I’m not interested in trying to act like a fluent speaker right now. I am pushing myself that little bit more outside of my comfort zone every day. It’s all baby-steps, but I’m doing it with an intensity that leads to very fast improvement.

The slow traditional academic approach is for impractical perfectionists

I’ve run into a few perfectionists/preferred long-term learners in recent weeks – none of them natives of Mandarin, although their level is excellent after many years of working on the language, and it’s been so interesting to see how conversation flows differ.

I ask a native a question with bad Mandarin, it’s understood (occasionally after some rephrasing) and I get an answer. Language successfully used to communicate.

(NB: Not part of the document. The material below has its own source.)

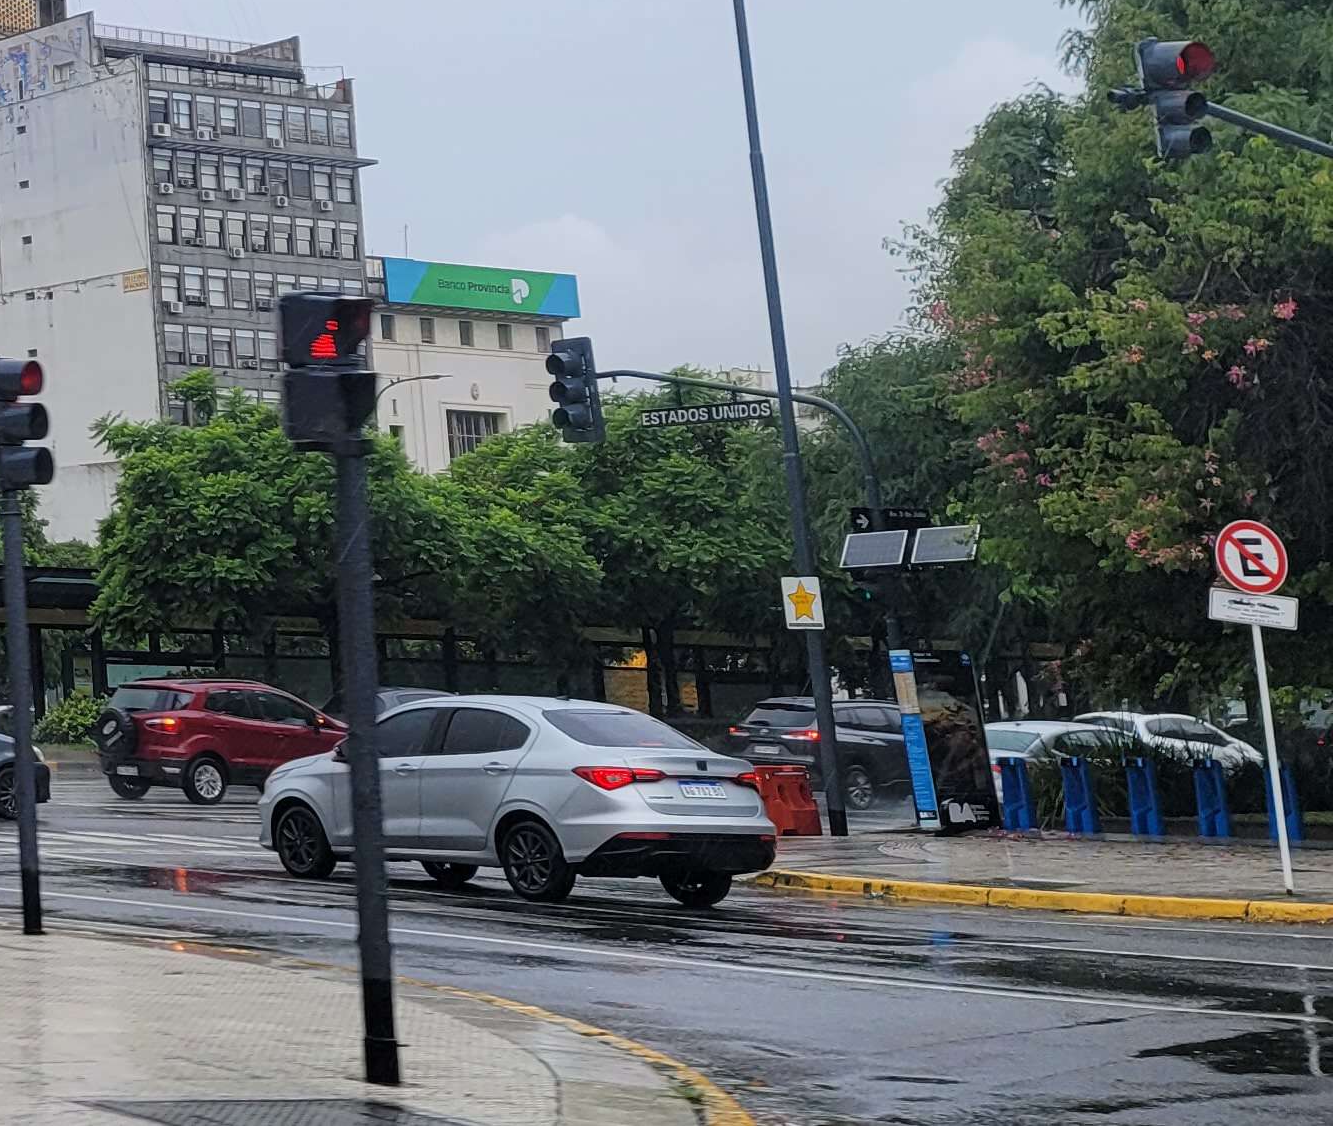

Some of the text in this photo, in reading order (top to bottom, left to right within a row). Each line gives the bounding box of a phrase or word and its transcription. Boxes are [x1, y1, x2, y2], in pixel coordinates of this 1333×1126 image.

I ask a perfectionist a question with bad Mandarin and the wrong tone on my 5th syllable is pointed out, while I’m reminded that I should put the time component of the sentence before the verb and not after it.  Language successfully analysed at high standards not important to me right now. My actual question is ignored until I say the sentence perfectly.

This really conveys my frustration with letting perfectionists take control of language learning. At the time, my biggest priority wasn’t tweaking my tones to be precisely right or having the right word order – all of these are of course very important, but if I’m understood then they are low priority. Tidying my language up is something that is more appropriate for my final run towards fluent level. Right now I have bigger fish to fry, like vocabulary issues and distinguishing words when natives say them quickly. Problems here will hinder communication way more than a wrong word order which any native can understand anyway after thinking for a second.

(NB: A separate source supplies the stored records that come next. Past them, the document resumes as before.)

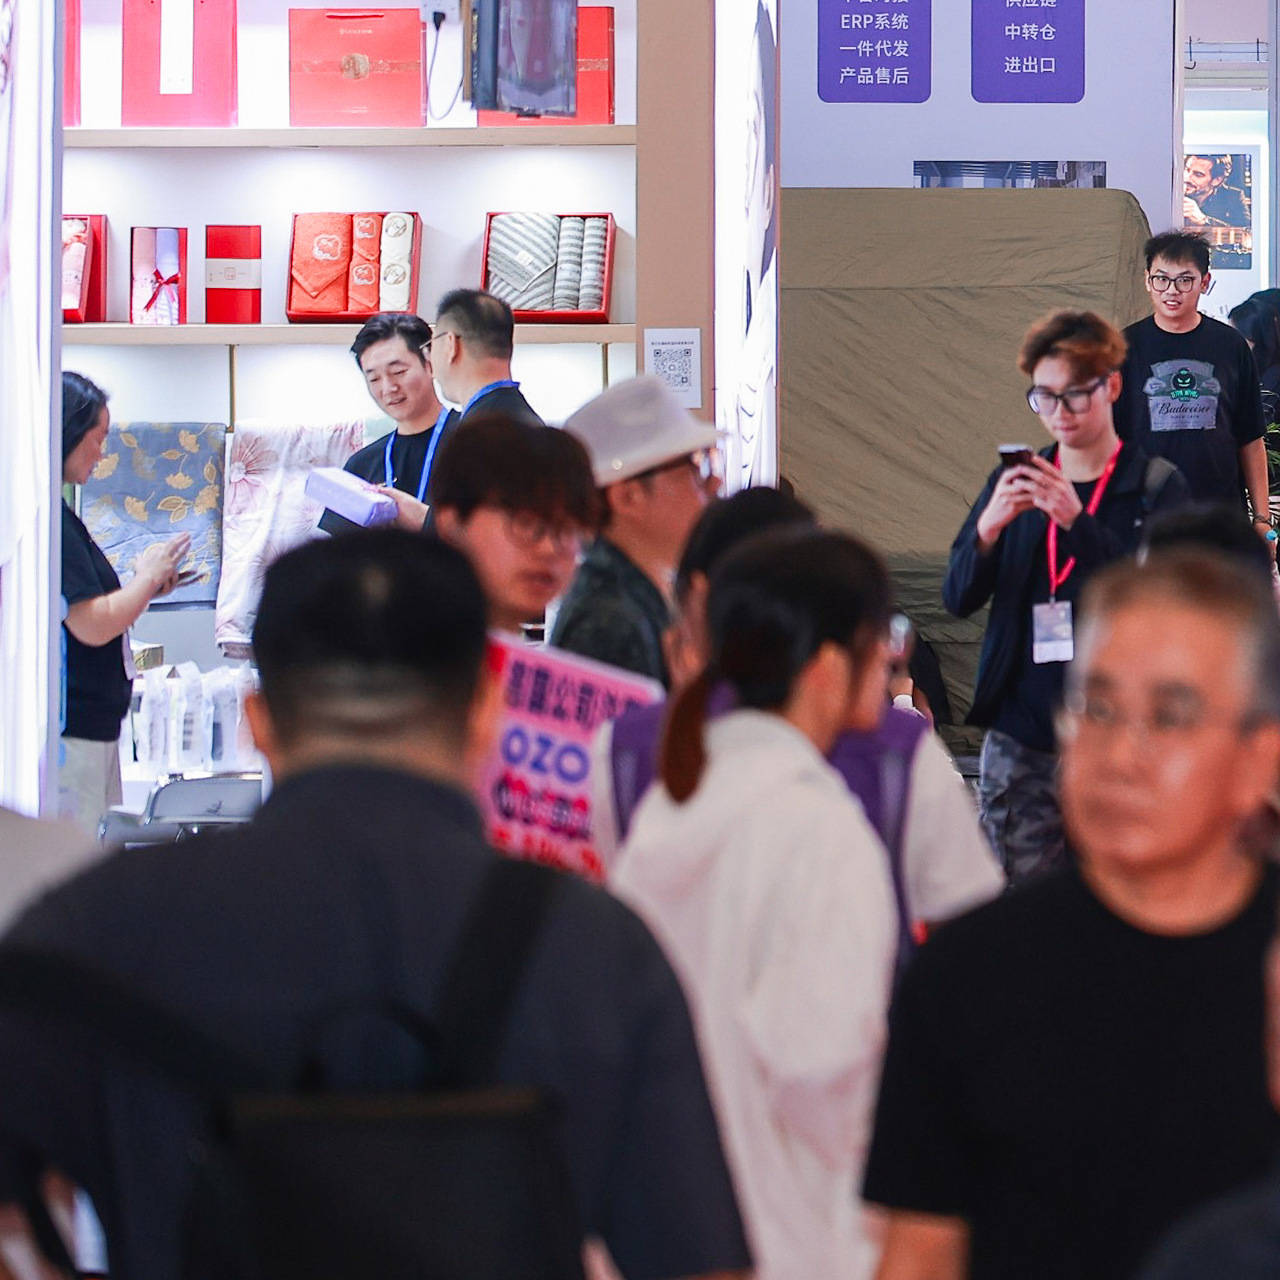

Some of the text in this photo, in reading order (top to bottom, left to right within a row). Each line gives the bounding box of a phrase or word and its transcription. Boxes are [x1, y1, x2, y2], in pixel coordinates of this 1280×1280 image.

[840, 13, 909, 31] ERP系统
[1004, 23, 1057, 41] 中转仓
[839, 40, 910, 59] 一件代发
[1004, 56, 1057, 74] 进出口
[839, 67, 910, 86] 产品售后

So when you say that I’m impatient like it’s a bad thing, I say that all this long-term nonsense is (ironically) incredibly short sighted.

I have a triage system set up where I try to figure out what should I fix right now to improve my ability to communicate. Ultimately the collection of all of these little things leads to fluency – I will indeed be tweaking my word order in the next couple of weeks, and then my pronunciation much later, but I need other problems solved right now.

My impatience is actually a very selective prioritisation – I want to speak better now, and am doing what it takes to do that. Fixing low-priority errors is wasting my time until I’m at the stage where those are the “biggest” problems I need to fix, which will be a great time indeed as I’ll be quite comfortable in the language by then.

Taking your time is for people who are not interested in results

The impatience I’m talking about isn’t the fact that it’s “just 3 months” – it’s that I want results right now, and long-term learners (with more patience from one point of view, and less of a practical way of using the language from another) prefer to use their language in real-life situations some day, when they can mimic the natives much better.

As I wrote in the last post, I find language learning boring, and yet I love speaking foreign languages. This may sound like an oxymoron to some of you, but to me it explains one of the biggest misunderstandings in the entire world of language learning, and that’s the misconception that the rest of us should learn languages in the same way that those of you designing the courses would learn them.

Almost every single person presenting a language to you in a learning environment has got perhaps a degree in linguistics or instead a lifelong background in language learning, and generally a passion for languages that they’ve had their entire life. So yes, they’re an expert, but they don’t know what’s going on in your head. They can’t possibly understand because to them the language learning process is so beautiful – “Why would you possibly not want to do grammar exercises and take your time?” they think to themselves.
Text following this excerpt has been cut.